Le salarié fait grief à l'arrêt de le débouter de sa demande en paiement d'heures supplémentaires, repos compensateur et indemnité forfaitaire pour travail dissimulé, alors « qu'en cas de litige relatif à l'existence ou au nombre d'heures de travail accomplies, il appartient au salarié de présenter, à l'appui de sa demande, des éléments suffisamment précis quant aux heures non rémunérées qu'il prétend avoir accomplies afin de permettre à l'employeur d'y répondre utilement en produisant ses propres éléments ; que la cour d'appel a constaté que le salarié versait aux débats des éléments laissant présumer qu'il avait effectué des heures supplémentaires ; qu'en retenant, pour le débouter de sa demande, que les attestations qu'il produisait était imprécises et ne permettaient pas de corroborer son tableau, qu'il ne produisait pas d'agenda permettant de déterminer ses rendez-vous et qu'il ne versait pas aux débats systématiquement le premier mail du matin et le dernier de la journée de sorte qu'il ne démontrait pas l'amplitude de l'horaire effectué, quand l'employeur ne produisait aucun élément de nature à justifier les horaires effectivement réalisés par l'intéressé, la cour d'appel, qui a fait peser la charge de la preuve sur le seul salarié, a violé l'article L. 3171-4 du code du travail. » Réponse de la Cour Vu l'article L. 3171-4 du code du travail : 4.
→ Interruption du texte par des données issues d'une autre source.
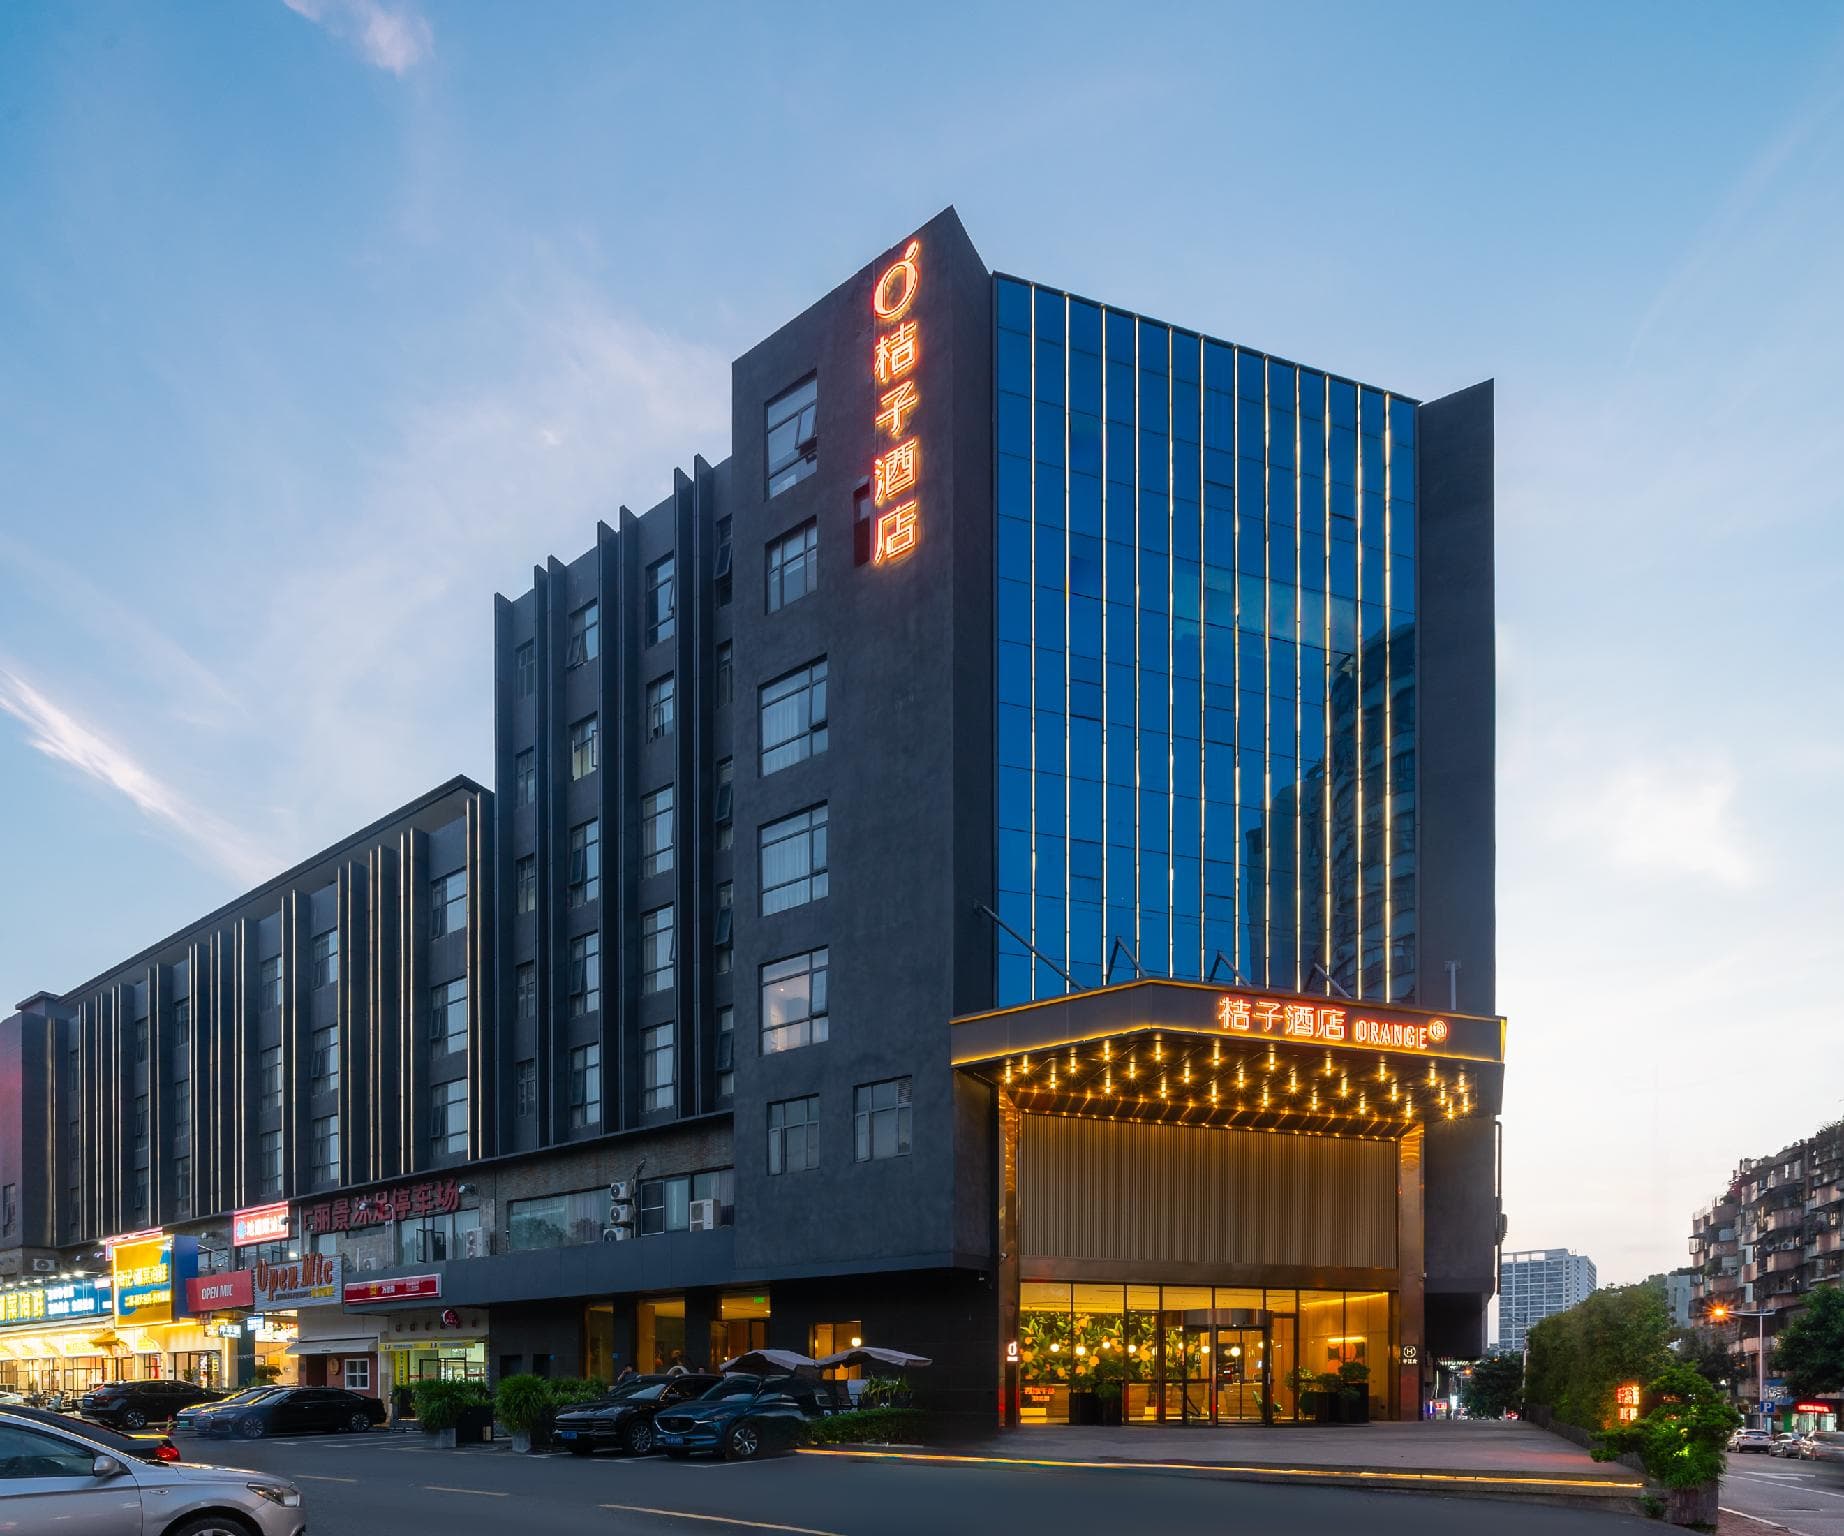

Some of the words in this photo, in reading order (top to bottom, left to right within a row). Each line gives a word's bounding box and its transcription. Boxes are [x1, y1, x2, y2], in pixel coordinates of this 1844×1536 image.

[873, 321, 918, 565] 桔子酒店
[1218, 997, 1347, 1041] 桔子酒店
[1355, 1019, 1428, 1050] ORANGE
[201, 1286, 219, 1300] OPEN
[219, 1284, 233, 1298] MIC
[256, 1258, 299, 1300] Open
[301, 1252, 333, 1287] Mic
[1763, 1402, 1772, 1412] P
Aux termes de l'article L. 3171-2, alinéa 1er, du code du travail, lorsque tous les salariés occupés dans un service ou un atelier ne travaillent pas selon le même horaire collectif, l'employeur établit les documents nécessaires au décompte de la durée de travail, des repos compensateurs acquis et de leur prise effective, pour chacun des salariés concernés.
Selon l'article L. 3171-3 du même code, dans sa rédaction antérieure à celle issue de la loi n° 2016-1088 du 8 août 2016, l'employeur tient à la disposition de l'inspecteur ou du contrôleur du travail les documents permettant de comptabiliser le temps de travail accompli par chaque salarié.
La nature des documents et la durée pendant laquelle ils sont tenus à disposition sont déterminées par voie réglementaire. 5.
Enfin, selon l'article L. 3171-4 du code du travail, en cas de litige relatif à l'existence ou au nombre d'heures de travail accomplies, l'employeur fournit au juge les éléments de nature à justifier les horaires effectivement réalisés par le salarié.